AhnLab EDR addresses these limitations through behavior-based detection. It identifies malicious activities such as abnormal process execution and privilege escalation in real time, and enables rapid understanding of the attack entry point and propagation flow through attack chain visualization. In the event of a ransomware infection, the rollback feature allows recovery of files to their pre-encryption state. Even ransomware such as Akira and Qilin, which employ AV evasion techniques, could have been blocked at the encryption stage by EDR’s behavior-based detection engine. 


Stage 3. Unified Operations: XDR

If ZTNA blocks initial compromise and EDR detects threats, the final stage is to connect all of this data to manage threats across the entire organization in a unified manner. No matter how capable individual solutions are, an organization remains vulnerable if they are not connected to one another. XDR is what enables this connection and integration.


AhnLab XDR consolidates data generated across security solutions into a single platform and analyzes correlations between events to visualize the full attack chain. Behaviors that appear normal in isolation reveal hidden threats when placed in full context. Identified risks are automatically prioritized by severity, and repetitive response tasks are handled by playbooks. As a result, security teams can move beyond processing routine alerts and focus on the threats that truly matter.



The Lesson of 2025: Security Is About Speed, Not Perfection

Security expert Bruce Schneier said in 2000: "Security is not a product, but a process." 

It may have sounded theoretical at the time, but in 2025, it became reality. In the past, deploying security products alone was enough to block a significant number of threats. Today, blocking 100% of attacks is nearly impossible.

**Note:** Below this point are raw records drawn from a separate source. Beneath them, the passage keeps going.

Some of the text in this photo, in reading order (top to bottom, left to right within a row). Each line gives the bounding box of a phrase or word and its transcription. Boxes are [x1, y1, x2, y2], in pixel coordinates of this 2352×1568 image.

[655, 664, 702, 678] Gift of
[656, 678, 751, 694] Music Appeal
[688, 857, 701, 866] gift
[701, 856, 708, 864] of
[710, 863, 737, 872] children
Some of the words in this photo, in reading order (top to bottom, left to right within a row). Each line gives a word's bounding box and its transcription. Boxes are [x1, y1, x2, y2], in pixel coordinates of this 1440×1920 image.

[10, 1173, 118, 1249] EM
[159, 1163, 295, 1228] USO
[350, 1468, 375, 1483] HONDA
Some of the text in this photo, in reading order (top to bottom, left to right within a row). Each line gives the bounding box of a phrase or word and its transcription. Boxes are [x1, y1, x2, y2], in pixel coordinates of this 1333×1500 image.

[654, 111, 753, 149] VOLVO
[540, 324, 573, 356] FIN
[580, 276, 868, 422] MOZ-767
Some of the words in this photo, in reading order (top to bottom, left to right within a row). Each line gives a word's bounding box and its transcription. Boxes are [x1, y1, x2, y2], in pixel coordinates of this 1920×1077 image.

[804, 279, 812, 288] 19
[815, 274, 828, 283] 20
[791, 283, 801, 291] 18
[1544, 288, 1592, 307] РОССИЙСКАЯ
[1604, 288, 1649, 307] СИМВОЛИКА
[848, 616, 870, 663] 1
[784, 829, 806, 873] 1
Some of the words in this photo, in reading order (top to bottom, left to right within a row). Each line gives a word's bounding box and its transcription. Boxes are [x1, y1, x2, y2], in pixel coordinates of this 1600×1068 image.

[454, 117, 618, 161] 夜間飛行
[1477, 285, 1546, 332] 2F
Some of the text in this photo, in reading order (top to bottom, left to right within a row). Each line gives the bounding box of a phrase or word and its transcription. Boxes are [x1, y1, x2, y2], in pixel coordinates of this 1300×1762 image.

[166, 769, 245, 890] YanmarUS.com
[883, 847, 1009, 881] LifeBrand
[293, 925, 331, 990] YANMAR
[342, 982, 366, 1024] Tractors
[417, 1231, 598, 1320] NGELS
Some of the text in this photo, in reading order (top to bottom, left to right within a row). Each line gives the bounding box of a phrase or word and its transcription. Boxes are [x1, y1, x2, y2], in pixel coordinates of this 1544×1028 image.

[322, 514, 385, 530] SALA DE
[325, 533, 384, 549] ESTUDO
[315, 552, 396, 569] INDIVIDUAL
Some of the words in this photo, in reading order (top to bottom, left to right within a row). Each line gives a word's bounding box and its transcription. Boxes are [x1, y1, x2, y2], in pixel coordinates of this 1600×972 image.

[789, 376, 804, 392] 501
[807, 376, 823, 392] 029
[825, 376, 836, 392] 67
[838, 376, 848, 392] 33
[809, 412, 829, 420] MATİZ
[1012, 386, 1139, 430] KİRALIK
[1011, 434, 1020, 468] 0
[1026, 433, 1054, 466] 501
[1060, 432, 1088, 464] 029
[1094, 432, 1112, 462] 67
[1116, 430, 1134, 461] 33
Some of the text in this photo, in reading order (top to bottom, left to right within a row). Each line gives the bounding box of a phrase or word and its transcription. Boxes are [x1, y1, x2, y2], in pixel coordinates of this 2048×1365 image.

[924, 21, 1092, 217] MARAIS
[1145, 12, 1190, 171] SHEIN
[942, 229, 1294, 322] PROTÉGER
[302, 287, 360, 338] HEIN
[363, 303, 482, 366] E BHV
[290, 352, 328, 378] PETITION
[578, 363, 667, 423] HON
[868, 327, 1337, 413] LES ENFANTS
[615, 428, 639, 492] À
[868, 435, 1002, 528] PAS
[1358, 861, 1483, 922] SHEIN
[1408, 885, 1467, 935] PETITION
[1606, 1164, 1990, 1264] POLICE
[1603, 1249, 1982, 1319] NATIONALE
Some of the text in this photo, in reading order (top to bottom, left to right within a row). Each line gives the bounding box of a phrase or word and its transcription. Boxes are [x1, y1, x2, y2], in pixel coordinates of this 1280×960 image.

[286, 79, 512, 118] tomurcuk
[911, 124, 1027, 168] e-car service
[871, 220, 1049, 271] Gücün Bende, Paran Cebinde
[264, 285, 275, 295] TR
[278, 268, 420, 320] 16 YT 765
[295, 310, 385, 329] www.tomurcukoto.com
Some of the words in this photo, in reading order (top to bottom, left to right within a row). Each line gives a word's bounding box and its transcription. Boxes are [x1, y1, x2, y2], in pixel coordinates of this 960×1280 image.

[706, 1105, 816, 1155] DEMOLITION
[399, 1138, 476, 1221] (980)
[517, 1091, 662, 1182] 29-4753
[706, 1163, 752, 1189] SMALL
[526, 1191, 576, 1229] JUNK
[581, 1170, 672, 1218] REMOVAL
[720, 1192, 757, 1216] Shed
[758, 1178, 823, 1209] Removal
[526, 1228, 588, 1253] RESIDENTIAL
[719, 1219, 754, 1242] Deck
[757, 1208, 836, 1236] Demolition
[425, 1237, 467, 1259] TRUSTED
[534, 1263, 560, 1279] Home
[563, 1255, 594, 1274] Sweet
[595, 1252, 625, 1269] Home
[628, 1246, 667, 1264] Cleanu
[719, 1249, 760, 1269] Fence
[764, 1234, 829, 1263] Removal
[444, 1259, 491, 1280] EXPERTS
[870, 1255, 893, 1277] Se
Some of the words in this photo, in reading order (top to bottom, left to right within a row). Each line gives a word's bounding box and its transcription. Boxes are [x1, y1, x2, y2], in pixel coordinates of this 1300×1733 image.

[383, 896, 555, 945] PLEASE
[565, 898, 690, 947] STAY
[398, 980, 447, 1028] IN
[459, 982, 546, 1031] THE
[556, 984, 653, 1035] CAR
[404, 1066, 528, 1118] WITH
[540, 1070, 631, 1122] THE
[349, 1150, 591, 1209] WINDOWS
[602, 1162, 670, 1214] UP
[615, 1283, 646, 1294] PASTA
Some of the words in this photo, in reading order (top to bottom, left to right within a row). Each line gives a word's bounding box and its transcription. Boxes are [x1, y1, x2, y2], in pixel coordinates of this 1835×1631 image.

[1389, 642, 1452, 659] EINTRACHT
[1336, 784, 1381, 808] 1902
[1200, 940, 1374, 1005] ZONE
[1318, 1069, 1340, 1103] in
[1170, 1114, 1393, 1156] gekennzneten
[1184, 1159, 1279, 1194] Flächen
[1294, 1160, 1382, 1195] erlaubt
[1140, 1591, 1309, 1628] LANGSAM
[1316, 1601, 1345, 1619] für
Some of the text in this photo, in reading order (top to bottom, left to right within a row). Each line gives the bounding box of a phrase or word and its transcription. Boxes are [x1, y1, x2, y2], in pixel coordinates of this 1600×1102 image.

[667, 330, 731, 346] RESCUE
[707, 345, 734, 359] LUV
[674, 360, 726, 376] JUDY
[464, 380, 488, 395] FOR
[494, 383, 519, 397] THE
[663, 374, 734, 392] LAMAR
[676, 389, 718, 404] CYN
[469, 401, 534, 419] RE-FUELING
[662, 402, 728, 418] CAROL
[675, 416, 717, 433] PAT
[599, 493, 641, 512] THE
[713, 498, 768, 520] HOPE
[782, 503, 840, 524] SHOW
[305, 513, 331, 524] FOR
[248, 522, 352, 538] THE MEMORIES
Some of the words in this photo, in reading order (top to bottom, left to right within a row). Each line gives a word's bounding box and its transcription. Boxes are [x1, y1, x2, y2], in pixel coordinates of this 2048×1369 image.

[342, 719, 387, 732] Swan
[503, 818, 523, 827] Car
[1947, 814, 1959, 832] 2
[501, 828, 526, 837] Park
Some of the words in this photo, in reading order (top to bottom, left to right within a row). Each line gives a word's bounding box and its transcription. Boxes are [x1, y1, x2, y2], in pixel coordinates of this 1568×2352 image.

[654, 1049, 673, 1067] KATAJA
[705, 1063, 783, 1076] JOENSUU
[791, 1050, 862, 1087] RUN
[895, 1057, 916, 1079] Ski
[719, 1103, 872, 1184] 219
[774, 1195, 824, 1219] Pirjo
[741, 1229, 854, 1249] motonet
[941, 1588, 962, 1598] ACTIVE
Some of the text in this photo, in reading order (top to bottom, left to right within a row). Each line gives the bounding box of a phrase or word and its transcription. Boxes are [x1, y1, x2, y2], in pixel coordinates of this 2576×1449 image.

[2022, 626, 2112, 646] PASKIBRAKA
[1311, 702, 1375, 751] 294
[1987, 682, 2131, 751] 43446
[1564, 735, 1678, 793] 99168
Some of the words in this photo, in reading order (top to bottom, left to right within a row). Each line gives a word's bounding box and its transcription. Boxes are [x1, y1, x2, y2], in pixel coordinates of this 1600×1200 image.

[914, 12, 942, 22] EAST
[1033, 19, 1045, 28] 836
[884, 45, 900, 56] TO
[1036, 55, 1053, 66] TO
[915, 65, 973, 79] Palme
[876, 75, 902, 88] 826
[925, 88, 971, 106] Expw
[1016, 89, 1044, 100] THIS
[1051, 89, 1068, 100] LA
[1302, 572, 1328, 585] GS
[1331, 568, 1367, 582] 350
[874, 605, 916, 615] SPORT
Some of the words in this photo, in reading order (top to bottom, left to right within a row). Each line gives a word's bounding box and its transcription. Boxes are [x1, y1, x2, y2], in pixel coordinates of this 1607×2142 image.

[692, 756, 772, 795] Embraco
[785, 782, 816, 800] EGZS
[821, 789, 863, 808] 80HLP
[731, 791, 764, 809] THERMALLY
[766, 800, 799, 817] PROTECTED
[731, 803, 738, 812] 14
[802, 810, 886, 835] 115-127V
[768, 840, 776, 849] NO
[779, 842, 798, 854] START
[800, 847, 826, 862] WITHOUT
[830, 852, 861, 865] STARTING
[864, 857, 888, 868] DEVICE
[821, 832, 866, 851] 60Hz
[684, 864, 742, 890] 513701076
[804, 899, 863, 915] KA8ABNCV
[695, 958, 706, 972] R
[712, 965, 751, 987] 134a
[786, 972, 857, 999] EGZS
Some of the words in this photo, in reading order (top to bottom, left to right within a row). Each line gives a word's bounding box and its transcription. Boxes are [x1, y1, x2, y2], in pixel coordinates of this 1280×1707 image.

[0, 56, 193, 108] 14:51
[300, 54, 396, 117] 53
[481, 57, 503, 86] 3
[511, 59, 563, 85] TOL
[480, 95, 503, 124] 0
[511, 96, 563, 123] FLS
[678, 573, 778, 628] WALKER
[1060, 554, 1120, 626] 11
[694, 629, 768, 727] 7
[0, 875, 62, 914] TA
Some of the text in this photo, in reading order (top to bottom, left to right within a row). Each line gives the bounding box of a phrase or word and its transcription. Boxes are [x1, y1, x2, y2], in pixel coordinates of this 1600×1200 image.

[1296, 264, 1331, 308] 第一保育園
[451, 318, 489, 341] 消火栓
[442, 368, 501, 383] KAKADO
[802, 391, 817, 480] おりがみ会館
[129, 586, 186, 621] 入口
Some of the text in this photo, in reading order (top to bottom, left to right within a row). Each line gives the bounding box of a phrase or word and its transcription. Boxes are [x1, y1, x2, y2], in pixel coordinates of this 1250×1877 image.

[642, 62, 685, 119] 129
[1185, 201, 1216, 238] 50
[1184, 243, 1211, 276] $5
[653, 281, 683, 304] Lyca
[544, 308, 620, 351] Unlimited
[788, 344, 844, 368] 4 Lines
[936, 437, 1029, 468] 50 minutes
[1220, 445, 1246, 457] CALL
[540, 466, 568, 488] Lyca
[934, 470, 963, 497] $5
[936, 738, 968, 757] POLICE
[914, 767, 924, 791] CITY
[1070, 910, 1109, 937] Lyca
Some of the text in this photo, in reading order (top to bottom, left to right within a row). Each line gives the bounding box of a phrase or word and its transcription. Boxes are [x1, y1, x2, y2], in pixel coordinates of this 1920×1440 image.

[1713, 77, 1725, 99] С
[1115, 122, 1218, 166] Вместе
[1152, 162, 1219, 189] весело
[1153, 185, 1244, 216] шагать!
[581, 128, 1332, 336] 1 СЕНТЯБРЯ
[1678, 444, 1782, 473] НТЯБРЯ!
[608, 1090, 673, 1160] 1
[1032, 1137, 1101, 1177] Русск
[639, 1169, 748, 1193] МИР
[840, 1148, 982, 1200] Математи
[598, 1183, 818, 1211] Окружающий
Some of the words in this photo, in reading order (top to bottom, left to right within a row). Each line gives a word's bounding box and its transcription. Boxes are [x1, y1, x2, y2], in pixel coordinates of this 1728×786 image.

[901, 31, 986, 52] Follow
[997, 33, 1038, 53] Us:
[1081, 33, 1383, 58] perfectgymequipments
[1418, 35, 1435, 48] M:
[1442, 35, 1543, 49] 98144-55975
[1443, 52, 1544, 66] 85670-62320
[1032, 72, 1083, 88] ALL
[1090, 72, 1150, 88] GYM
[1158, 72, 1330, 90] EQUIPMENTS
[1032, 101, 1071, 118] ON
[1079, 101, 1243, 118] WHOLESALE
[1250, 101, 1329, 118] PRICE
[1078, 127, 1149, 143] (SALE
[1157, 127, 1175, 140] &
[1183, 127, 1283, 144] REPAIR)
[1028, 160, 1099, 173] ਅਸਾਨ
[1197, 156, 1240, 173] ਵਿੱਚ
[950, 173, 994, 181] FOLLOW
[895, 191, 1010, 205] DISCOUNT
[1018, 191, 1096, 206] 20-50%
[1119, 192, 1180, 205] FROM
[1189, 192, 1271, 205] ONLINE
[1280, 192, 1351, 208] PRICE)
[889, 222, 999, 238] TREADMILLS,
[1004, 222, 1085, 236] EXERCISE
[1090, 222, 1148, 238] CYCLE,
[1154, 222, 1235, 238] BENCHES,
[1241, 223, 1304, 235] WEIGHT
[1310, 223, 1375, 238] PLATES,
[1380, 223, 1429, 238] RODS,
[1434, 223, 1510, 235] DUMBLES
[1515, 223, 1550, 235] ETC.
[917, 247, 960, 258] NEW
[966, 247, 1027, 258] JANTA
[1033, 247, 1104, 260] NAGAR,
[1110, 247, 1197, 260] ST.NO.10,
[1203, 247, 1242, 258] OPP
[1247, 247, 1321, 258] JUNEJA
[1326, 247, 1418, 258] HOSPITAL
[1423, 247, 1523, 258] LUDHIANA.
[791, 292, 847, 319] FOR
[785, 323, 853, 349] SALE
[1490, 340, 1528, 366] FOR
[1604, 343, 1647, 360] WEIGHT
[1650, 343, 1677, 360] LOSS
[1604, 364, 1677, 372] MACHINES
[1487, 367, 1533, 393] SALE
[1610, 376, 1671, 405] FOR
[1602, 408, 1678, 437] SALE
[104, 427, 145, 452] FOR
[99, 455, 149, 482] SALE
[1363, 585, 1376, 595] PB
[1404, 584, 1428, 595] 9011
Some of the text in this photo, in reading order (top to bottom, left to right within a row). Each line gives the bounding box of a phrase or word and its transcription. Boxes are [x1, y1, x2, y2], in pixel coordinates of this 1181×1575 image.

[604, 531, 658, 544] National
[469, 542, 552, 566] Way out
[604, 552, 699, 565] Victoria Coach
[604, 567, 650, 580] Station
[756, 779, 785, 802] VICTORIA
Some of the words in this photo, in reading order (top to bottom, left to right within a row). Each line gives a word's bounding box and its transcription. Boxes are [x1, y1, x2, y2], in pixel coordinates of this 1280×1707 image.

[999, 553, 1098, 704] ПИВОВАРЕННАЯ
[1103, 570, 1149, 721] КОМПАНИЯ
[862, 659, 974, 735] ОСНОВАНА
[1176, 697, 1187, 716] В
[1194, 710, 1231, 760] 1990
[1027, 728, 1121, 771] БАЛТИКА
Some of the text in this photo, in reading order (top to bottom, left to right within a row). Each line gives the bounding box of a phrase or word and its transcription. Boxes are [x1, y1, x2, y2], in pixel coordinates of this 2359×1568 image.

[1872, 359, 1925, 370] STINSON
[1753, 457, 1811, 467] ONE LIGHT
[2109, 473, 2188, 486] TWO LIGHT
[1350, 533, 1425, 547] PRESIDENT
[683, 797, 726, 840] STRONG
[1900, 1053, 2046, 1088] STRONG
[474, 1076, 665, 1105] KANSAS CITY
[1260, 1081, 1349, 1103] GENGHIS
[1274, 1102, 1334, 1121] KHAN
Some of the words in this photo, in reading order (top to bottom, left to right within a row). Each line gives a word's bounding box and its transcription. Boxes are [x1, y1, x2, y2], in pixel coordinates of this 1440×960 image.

But the scale of damage is inversely proportional to response speed (MTTR). The difference in damage between an organization that detected an intrusion within days and one that took months to realize it is incomparable. The recovery cost between an organization that isolated a ransomware infection immediately and one that responded only after it had spread enterprise-wide can differ by as much as tens of times.


Ultimately, security effectiveness depends not on perfect defense, but on how quickly threats are detected and responded to. And what determines that speed is not the performance of individual solutions, but a connected, integrated operations framework. 2025 was the year that proved it.